The Dark Side of Type Inference

If you can’t figure out what you’re writing, the compiler won’t do any better.

I’ve already written about SML/NJ before. Since then, I’ve gotten more practice with it, seeing as how the project for Grad-Level Compilers is written in it, as is an increasing amount of work in Programming Languages.

Anyway. SML/NJ’s type system has a feature known as “type inference.” In a nutshell, type inference can look at a program and figure out what the type of everything is.

For example, let’s say you wanted to write a recursive factorial function. In C, it’d be something like:

int factorial (int n) {
    if (n == 0)
        return 1;
        return n * factorial(n - 1);

On the first line, you’ll notice two type declarations. First, we specify that the function factorial returns an int. Second, we specify that the argument n is also an int. In C, and many other typed languages, you need to explicitly say what the type of everything is.

Now look at the eqivalent in ML:

fun factorial n =
    if n = 0
    then 1
    else n * factorial (n - 1)

It’s basically the same thing (modulo the different syntax), but notice what’s different: nowhere did we say what type the function returns, and what type n is. The ML compiler can figure this out on its own:

val factorial = fn : int -> int

The compiler has figured out that n must be an integer (since we compare it to the integer 0) and that the function also returns an integer (since the integer 1 is a possible return value).

Ideally, type inference combines the best features of a strong type system and a weak type system. You don’t need to spend time explicitly stating the type of everything, but the compiler can still type-check the program and find type errors at compile time. The best of both worlds, right?

Well, not exactly. What happens if there is a type error? Consider this:

fun factorial n =
    if n = 0
    then 1.0
    else n * factorial (n - 1)

The compiler lets us know that this isn’t a well-typed program:

stdIn:2.5-4.31 Error: types of if branches do not agree [literal]
  then branch: real
  else branch: int
  in expression:
    if n = 0 then 1.0 else n * factorial (n - 1)

Here, the problem is basically that we’re returning a real if we take the true branch, but we’re returning an int if we take the false branch. This isn’t well-typed, and the compiler managed to figure it out for us and point out exactly where the problem is.

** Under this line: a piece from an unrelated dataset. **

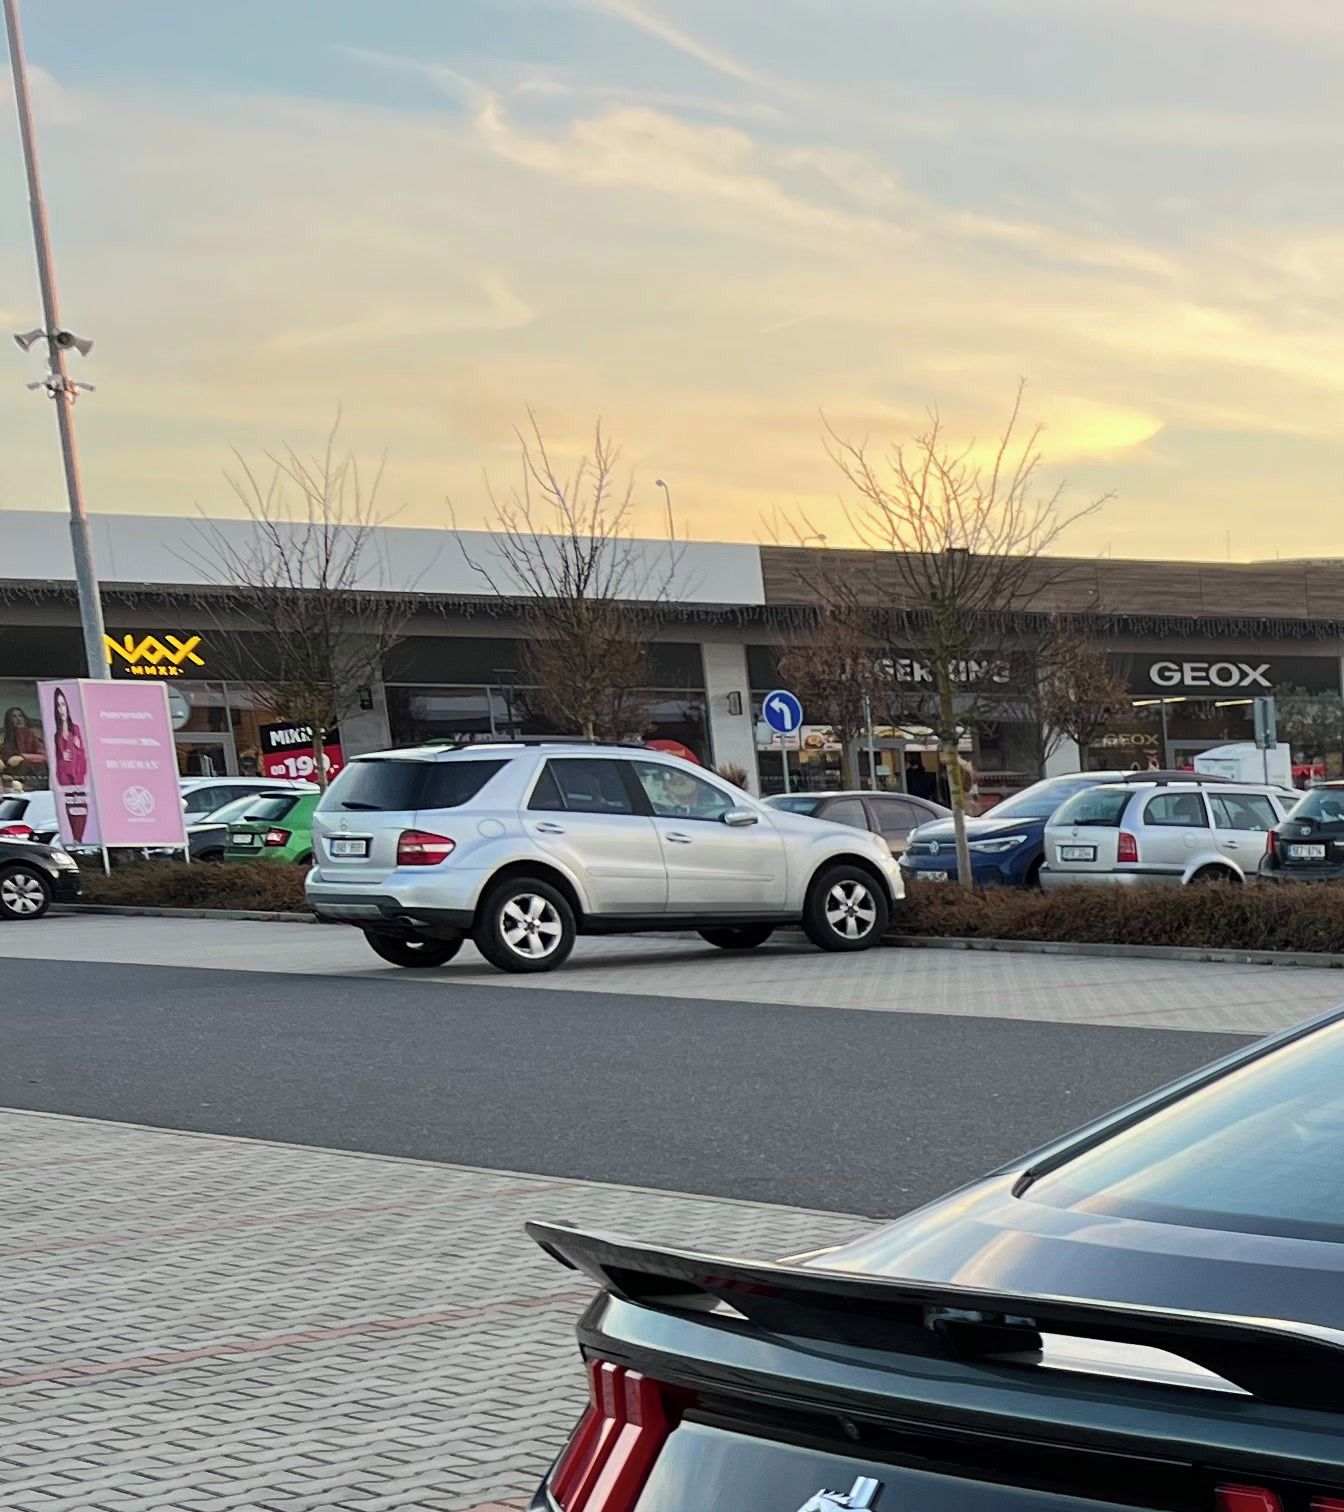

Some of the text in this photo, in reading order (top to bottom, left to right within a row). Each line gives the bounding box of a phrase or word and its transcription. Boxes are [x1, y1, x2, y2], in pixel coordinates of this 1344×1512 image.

[103, 634, 205, 665] NAX
[1149, 661, 1273, 687] GEOX
[1103, 733, 1160, 745] GEOX

Sadly, for more complicated programs, it doesn’t work out quite so neatly. Say you have several functions, each of which take several arguments and call each other in a mutually recursive fashion. There’s also some polymorphic higher-order functions thrown in for good measure. You try to compile, but the compiler reports a type error on line XYZ. Or is there?

Well, it depends on how you look at it. The compiler first noticed a type error on line XYZ. Say, for instance, that it thinks you’re passing an incorrect type into a function. But how does the compiler know what type the function is expecting? Well, it performed type inference on that function. And here lies the problem. It’s entirely possible that the type error is in fact here and not on line XYZ. The compiler wasn’t able to catch the type error here, though; instead, it deduced the wrong type for the function. (Remember, in a type system like ML’s, you can have polymorphic functions that can be applied to several different types.) Thus, the error isn’t on line XYZ at all, but the compiler didn’t find it there.

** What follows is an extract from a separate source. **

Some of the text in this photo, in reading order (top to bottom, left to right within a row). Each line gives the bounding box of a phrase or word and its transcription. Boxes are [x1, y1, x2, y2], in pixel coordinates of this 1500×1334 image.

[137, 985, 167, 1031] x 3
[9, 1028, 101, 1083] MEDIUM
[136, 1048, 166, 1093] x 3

Such a red herring can be a pain to debug, especially when the actual type error is an improper return type used in one of the cases of a dozen-case case expression. (I’d post the code that caused this, but since it’s for a class project, that wouldn’t sit too well with the university.) I only managed to track it down by eschewing type inference and explicitly stating what I thought the types of all the arguments and return values should be. With those in place, the real type error popped right up, no longer able to hide behind erroneous type inference.

So, the moral is that type inference can be handy, but it does have its drawbacks. If you’re unlucky, the compiler may be able to infer types that you couldn’t possibly have meant, causing it to give some really strange error messages elsewhere in the code. A good rule of thumb, I’ve found, is that if you can’t easily infer the types from looking at the code, write them in explicitly; the compiler may not be able to figure it out for you either (or at least not in such a way as would provide useful error messages).

Also, explicitly stating types even in a type-inferred language has documentative properties as well. You can tell just by looking at the code what the interface to a function looks like. Although the compiler will report this information right away in interactive mode, when looking at a file full of source code such information won’t be available. Again, if it’s not obvious to you what the types should be just from looking at it, you’re probably better off writing them in explicitly. The longer the function is, the more likely type inference can cause you a half-hour’s worth of misguided debugging.

2 Responses

  1. In other words, either use a weakly-typed language or use explicit typing. I hate that wussy type-inference middle ground which so many academic “perfect” languages attempt to take. (Prolog is also pretty bad about this stuff, for example.)

    Of course, weak typing has definite pitfalls as well, especially when the typing system is exceedingly weak and broken like in PHP, the only language I know of which resolves a type mismatch between string and int by converting the string to an int… (And would it have killed them to put in a simple way to make it throw an error if you try to read from an uninitialized variable?! That seems to be the cause of 99% of all aggravating PHP debug sessions!)

  2. Basically, yeah. If you name things clearly enough so that it’s “obvious” what type they’re supposed to have, type inference can save you redundancies like “BufferedReader reader = new BufferedReader()” in Java. And if you’re writing a polymorphic function, the benefit of explicitly typing arguments with type variables may not really buy you much. But if a typo causes the compiler to think two variables should be the same type when they really shouldn’t, you quickly run into problems.

    If you want PHP to warn you about uninitialized variables, put “error_reporting = E_ALL” in your php.ini. By default, it doesn’t print warnings like that. The problem is, since warnings aren’t on by default, you’ll find plenty of code out there (and even libraries from PEAR) that spit out all sorts of warnings. (Read: I ran into that when writing my quick-and-dirty RSS aggregator.)

    My main problem with PHP is that the only way to configure most of its behavior is with the site-wide config file, and lots of settings can completely break PHP code that relies on a certain setting. (magic_quotes_gpc, anyone?) If you have two pieces of code that depend on different settings, you get your choice of which code to rewrite.

Comments are closed.